Problem – Could you copy the records below exactly, leaving out any pictures they include?

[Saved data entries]
=-=-=-=-=

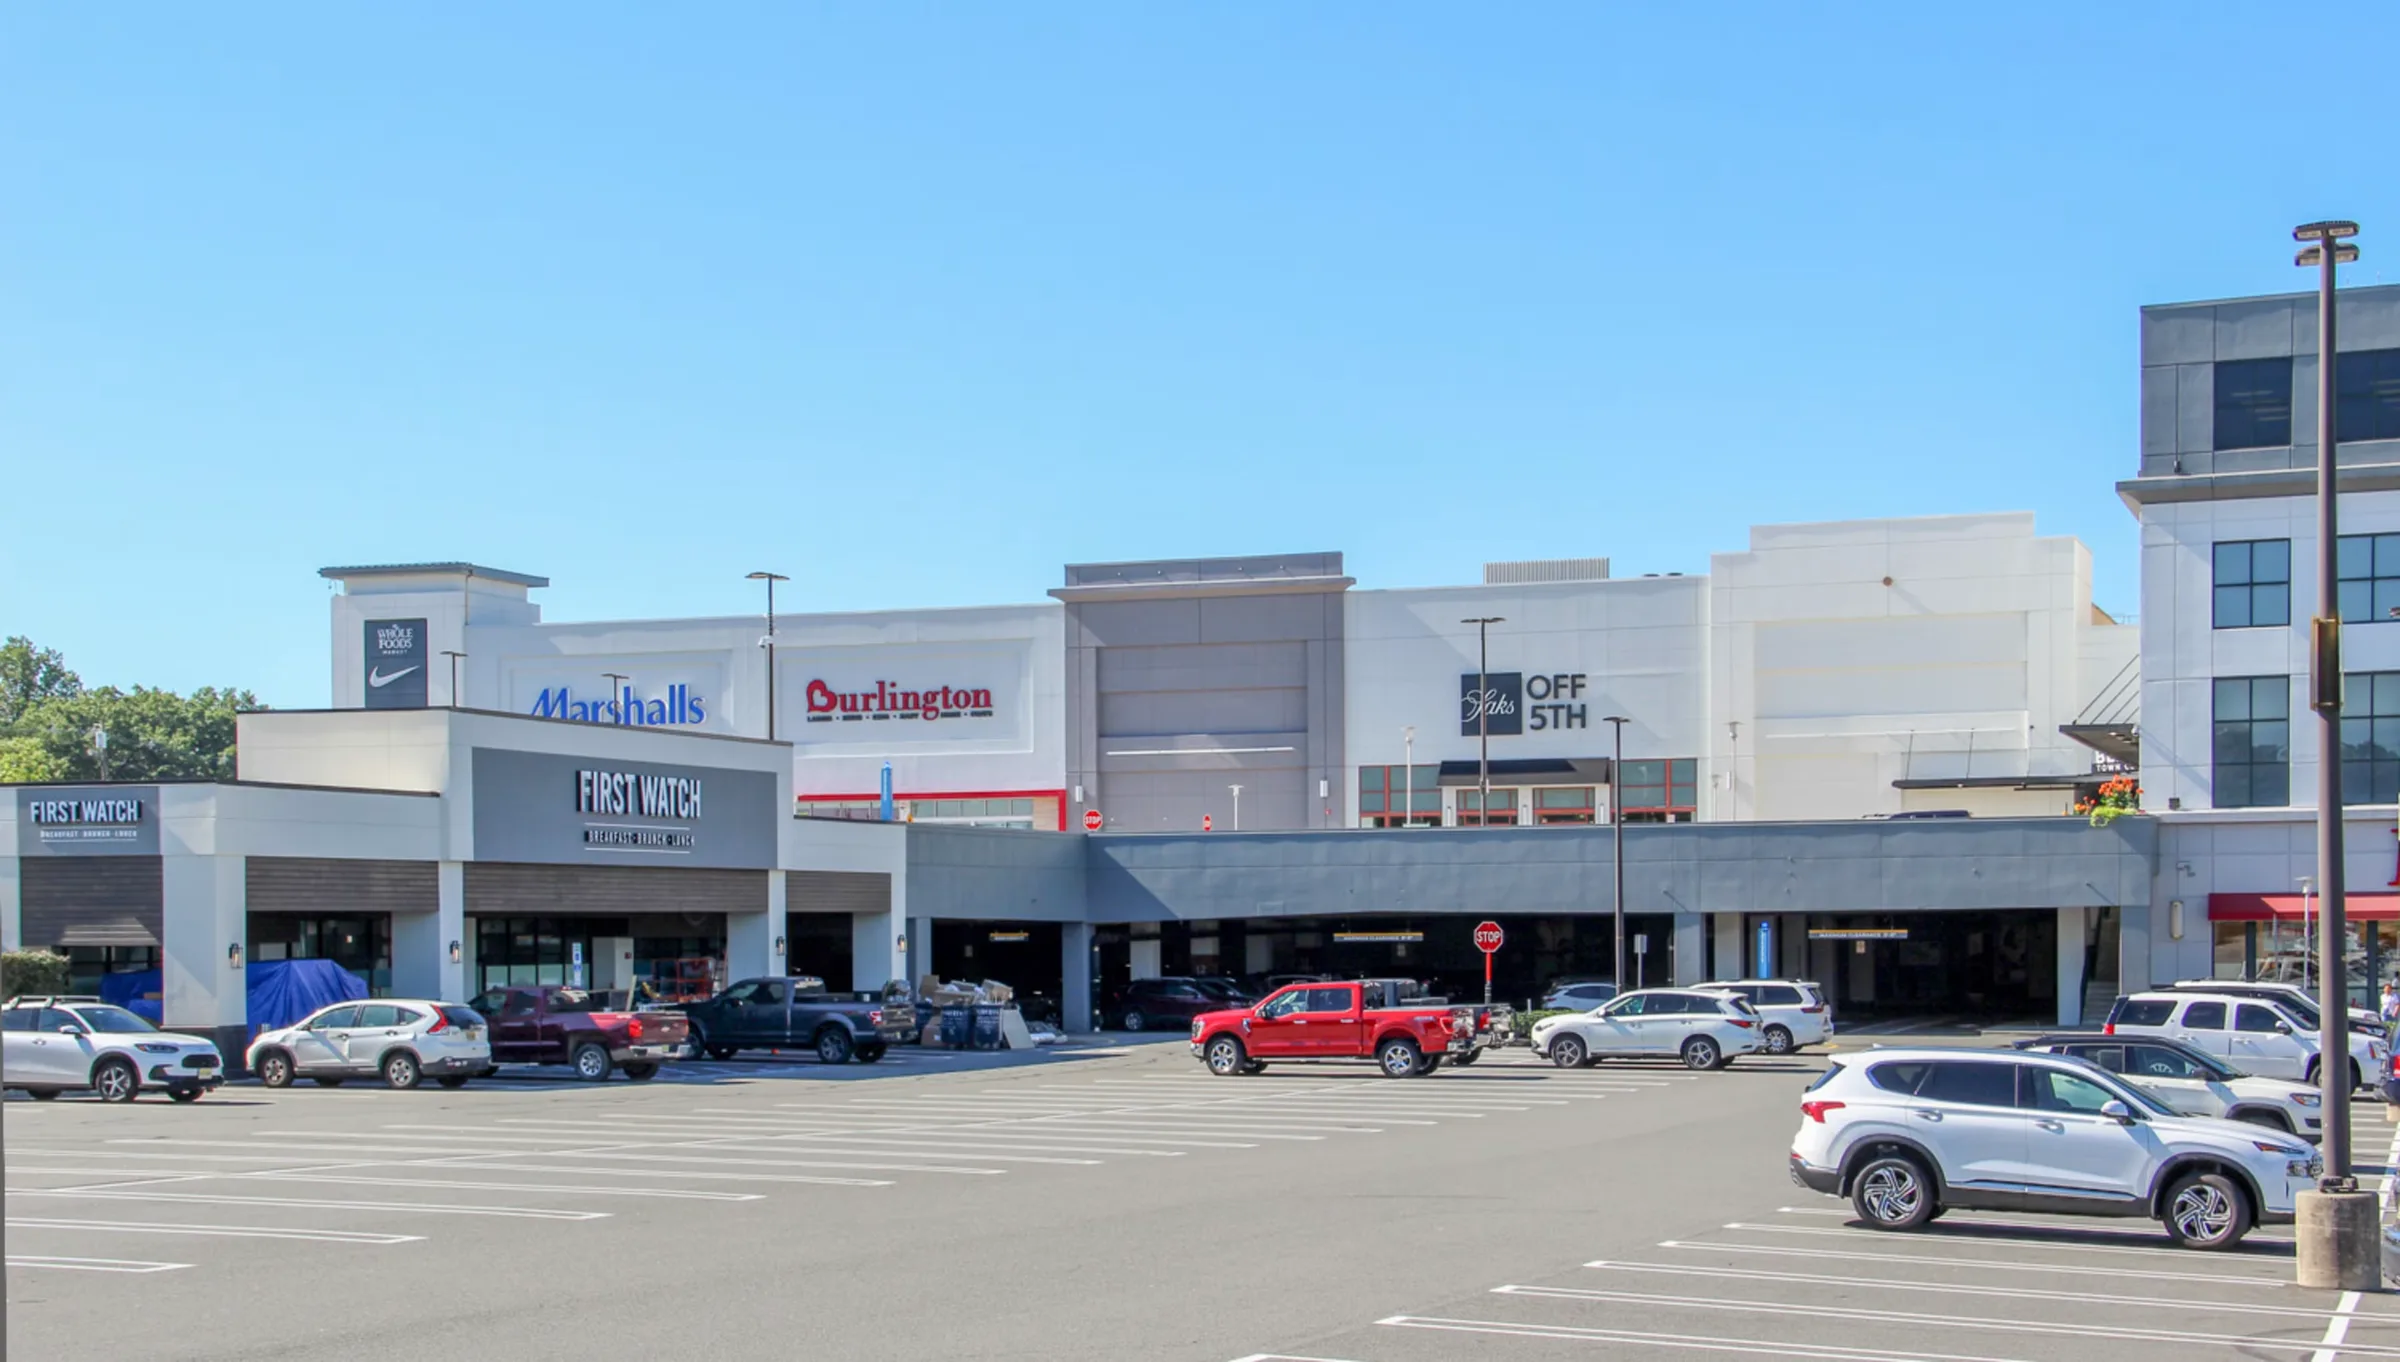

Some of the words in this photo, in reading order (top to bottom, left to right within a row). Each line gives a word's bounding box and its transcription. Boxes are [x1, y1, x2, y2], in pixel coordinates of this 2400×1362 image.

[377, 627, 413, 638] WHOLE
[379, 639, 412, 649] FOODS
[807, 680, 992, 720] Burlington
[1526, 674, 1586, 700] OFF
[531, 684, 706, 726] Marshalls
[1529, 703, 1587, 731] 5TH
[578, 770, 636, 815] FIRST
[640, 775, 701, 819] WATCH
[30, 801, 79, 823] FIRST
[81, 800, 139, 822] WATCH
[1477, 931, 1501, 942] STOP

=-=-=-=-=

Answer space –
Some of the words in this photo, in reading order (top to bottom, left to right within a row). Each line gives a word's bounding box and its transcription. Boxes are [x1, y1, x2, y2], in pixel coordinates of this 2400×1362 image.

[377, 627, 413, 638] WHOLE
[379, 639, 412, 649] FOODS
[807, 680, 992, 720] Burlington
[1526, 674, 1586, 700] OFF
[531, 684, 706, 726] Marshalls
[1529, 703, 1587, 731] 5TH
[578, 770, 636, 815] FIRST
[640, 775, 701, 819] WATCH
[30, 801, 79, 823] FIRST
[81, 800, 139, 822] WATCH
[1477, 931, 1501, 942] STOP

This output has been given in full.